The questions are (from left to right):

  1. Your name
  2. Your favourite food
  3. The high school you went to
  4. Your favourite colour
  5. Your celebrity crush (or, what it would be if I could bring myself to have a celebrity crush)
  6. Your favourite drink
  7. Your dream holiday destination
  8. Your favourite dessert
  9. What you want to be when you grow up
  10. The most important thing in life
  11. One word/phrase to describe yourself
  12. Your Flickr name (if you were to have one)

Try it sometime (using my detailed instructions)…it’s a fun way to procrastinate and you have a pretty set of pictures at the end!

Oh, Hi!

I haven’t blogged for so long that I had forgotten the web address of this blog and had no idea what my login details were. Funny…2 years of blognantation (stangnation of the blog) will do that to your memory.

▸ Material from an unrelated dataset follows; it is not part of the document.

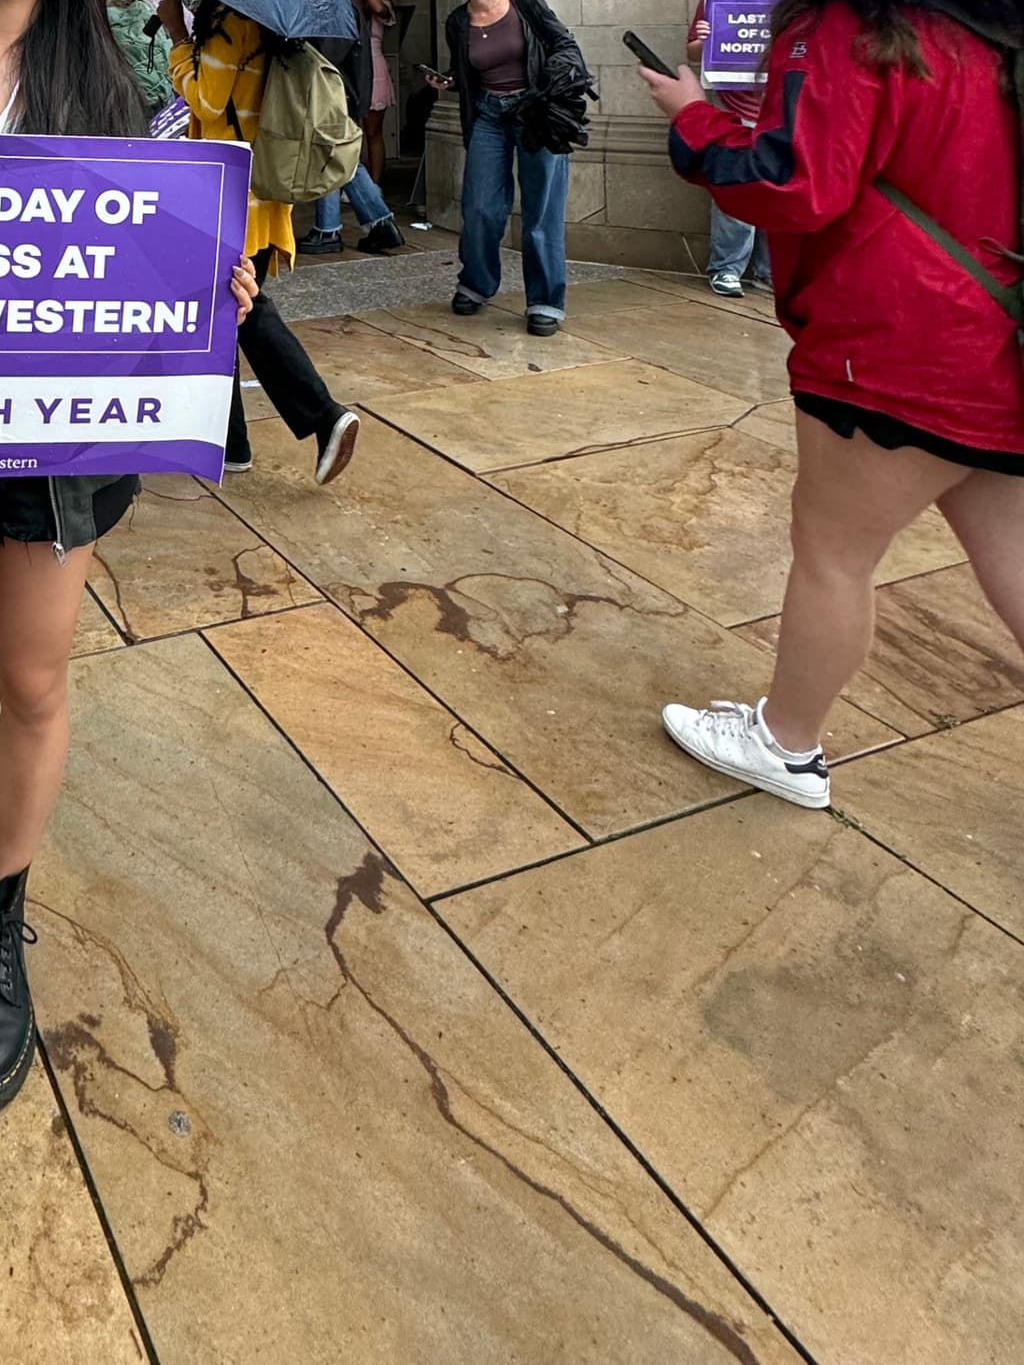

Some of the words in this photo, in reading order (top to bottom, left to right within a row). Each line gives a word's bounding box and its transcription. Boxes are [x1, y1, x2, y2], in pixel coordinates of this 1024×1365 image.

I’m not making any promises, but I might be tempted to start blogging again. Maybe. We’ll see. I had fun changing the template, so who knows what might happen…
If you’ve been watching this site with baited breath, hoping for it to spring to life, today is your lucky day - breathe again. Also, might I recommend getting a life.

Eh? what…?

So the last four months have flown past and I have not had time to blog. This says something important about my life. I am now one day away from having survived a whole school year at Crawford and I can tell you honestly and vehmently that I am quite ready for a holiday. It has been an eventful school year and I’m just really tired now. Tomorrow morning the staff are having brekkie together, exchanging secret santa presents and then dealing with the final day of child minding (which is what it has become this close to term’s end) before we can breathe a sigh of relief and forget about teaching for a little while. As much as I like teaching, kids can be exhausting, and I will not miss having to say the same thing nine times for the next six weeks.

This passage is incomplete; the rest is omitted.